• [What the task requires] Verbatim transcription of the listing is needed.

• [Data provided]
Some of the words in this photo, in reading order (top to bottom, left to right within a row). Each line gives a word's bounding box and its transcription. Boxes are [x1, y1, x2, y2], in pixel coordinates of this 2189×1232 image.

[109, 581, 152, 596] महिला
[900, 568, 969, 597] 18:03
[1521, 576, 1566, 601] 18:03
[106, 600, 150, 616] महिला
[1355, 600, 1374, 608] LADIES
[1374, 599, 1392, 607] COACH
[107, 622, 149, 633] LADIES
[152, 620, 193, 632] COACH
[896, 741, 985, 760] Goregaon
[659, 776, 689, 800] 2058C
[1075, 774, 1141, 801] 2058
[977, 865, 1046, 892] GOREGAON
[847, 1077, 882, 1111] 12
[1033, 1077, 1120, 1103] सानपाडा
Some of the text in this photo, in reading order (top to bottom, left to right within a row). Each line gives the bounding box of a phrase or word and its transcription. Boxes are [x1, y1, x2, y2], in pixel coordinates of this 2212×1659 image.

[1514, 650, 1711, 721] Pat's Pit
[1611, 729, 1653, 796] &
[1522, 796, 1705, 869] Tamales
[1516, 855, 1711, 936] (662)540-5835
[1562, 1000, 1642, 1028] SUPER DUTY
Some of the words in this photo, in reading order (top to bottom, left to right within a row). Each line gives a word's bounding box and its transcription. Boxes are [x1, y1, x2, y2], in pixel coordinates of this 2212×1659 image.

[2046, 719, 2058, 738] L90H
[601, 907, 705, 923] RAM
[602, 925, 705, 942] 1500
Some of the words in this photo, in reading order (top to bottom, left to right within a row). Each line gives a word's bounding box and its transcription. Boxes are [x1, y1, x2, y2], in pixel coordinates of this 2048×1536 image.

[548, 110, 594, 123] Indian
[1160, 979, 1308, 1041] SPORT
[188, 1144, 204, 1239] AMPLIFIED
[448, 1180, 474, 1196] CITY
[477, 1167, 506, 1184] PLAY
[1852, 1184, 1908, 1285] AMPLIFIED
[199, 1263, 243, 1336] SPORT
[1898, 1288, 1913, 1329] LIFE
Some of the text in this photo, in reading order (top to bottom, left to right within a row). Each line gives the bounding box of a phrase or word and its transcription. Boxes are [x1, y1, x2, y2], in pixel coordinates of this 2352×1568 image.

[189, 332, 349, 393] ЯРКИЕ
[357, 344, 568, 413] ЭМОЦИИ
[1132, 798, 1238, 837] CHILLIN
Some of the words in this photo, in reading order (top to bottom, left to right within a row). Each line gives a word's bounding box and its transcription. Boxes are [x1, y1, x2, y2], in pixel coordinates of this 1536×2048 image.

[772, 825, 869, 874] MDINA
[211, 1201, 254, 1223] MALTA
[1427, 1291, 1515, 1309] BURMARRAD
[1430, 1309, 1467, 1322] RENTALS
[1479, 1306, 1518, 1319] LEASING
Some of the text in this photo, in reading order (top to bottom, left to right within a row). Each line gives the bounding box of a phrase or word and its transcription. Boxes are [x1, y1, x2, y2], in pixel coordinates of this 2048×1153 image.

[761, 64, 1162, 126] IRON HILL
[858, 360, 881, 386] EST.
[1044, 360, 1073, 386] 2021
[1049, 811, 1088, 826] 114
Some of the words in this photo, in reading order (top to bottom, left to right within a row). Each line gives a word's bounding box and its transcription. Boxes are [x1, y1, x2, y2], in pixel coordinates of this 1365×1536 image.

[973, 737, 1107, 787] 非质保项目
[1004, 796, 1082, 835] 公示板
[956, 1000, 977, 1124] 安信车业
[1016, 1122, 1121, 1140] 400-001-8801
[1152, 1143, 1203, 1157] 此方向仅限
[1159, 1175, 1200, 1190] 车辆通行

• [Written solution]
Some of the words in this photo, in reading order (top to bottom, left to right within a row). Each line gives a word's bounding box and its transcription. Boxes are [x1, y1, x2, y2], in pixel coordinates of this 2189×1232 image.

[109, 581, 152, 596] महिला
[900, 568, 969, 597] 18:03
[1521, 576, 1566, 601] 18:03
[106, 600, 150, 616] महिला
[1355, 600, 1374, 608] LADIES
[1374, 599, 1392, 607] COACH
[107, 622, 149, 633] LADIES
[152, 620, 193, 632] COACH
[896, 741, 985, 760] Goregaon
[659, 776, 689, 800] 2058C
[1075, 774, 1141, 801] 2058
[977, 865, 1046, 892] GOREGAON
[847, 1077, 882, 1111] 12
[1033, 1077, 1120, 1103] सानपाडा
Some of the text in this photo, in reading order (top to bottom, left to right within a row). Each line gives the bounding box of a phrase or word and its transcription. Boxes are [x1, y1, x2, y2], in pixel coordinates of this 2212×1659 image.

[1514, 650, 1711, 721] Pat's Pit
[1611, 729, 1653, 796] &
[1522, 796, 1705, 869] Tamales
[1516, 855, 1711, 936] (662)540-5835
[1562, 1000, 1642, 1028] SUPER DUTY
Some of the words in this photo, in reading order (top to bottom, left to right within a row). Each line gives a word's bounding box and its transcription. Boxes are [x1, y1, x2, y2], in pixel coordinates of this 2212×1659 image.

[2046, 719, 2058, 738] L90H
[601, 907, 705, 923] RAM
[602, 925, 705, 942] 1500
Some of the words in this photo, in reading order (top to bottom, left to right within a row). Each line gives a word's bounding box and its transcription. Boxes are [x1, y1, x2, y2], in pixel coordinates of this 2048×1536 image.

[548, 110, 594, 123] Indian
[1160, 979, 1308, 1041] SPORT
[188, 1144, 204, 1239] AMPLIFIED
[448, 1180, 474, 1196] CITY
[477, 1167, 506, 1184] PLAY
[1852, 1184, 1908, 1285] AMPLIFIED
[199, 1263, 243, 1336] SPORT
[1898, 1288, 1913, 1329] LIFE
Some of the text in this photo, in reading order (top to bottom, left to right within a row). Each line gives the bounding box of a phrase or word and its transcription. Boxes are [x1, y1, x2, y2], in pixel coordinates of this 2352×1568 image.

[189, 332, 349, 393] ЯРКИЕ
[357, 344, 568, 413] ЭМОЦИИ
[1132, 798, 1238, 837] CHILLIN
Some of the words in this photo, in reading order (top to bottom, left to right within a row). Each line gives a word's bounding box and its transcription. Boxes are [x1, y1, x2, y2], in pixel coordinates of this 1536×2048 image.

[772, 825, 869, 874] MDINA
[211, 1201, 254, 1223] MALTA
[1427, 1291, 1515, 1309] BURMARRAD
[1430, 1309, 1467, 1322] RENTALS
[1479, 1306, 1518, 1319] LEASING
Some of the text in this photo, in reading order (top to bottom, left to right within a row). Each line gives the bounding box of a phrase or word and its transcription. Boxes are [x1, y1, x2, y2], in pixel coordinates of this 2048×1153 image.

[761, 64, 1162, 126] IRON HILL
[858, 360, 881, 386] EST.
[1044, 360, 1073, 386] 2021
[1049, 811, 1088, 826] 114
Some of the words in this photo, in reading order (top to bottom, left to right within a row). Each line gives a word's bounding box and its transcription. Boxes are [x1, y1, x2, y2], in pixel coordinates of this 1365×1536 image.

[973, 737, 1107, 787] 非质保项目
[1004, 796, 1082, 835] 公示板
[956, 1000, 977, 1124] 安信车业
[1016, 1122, 1121, 1140] 400-001-8801
[1152, 1143, 1203, 1157] 此方向仅限
[1159, 1175, 1200, 1190] 车辆通行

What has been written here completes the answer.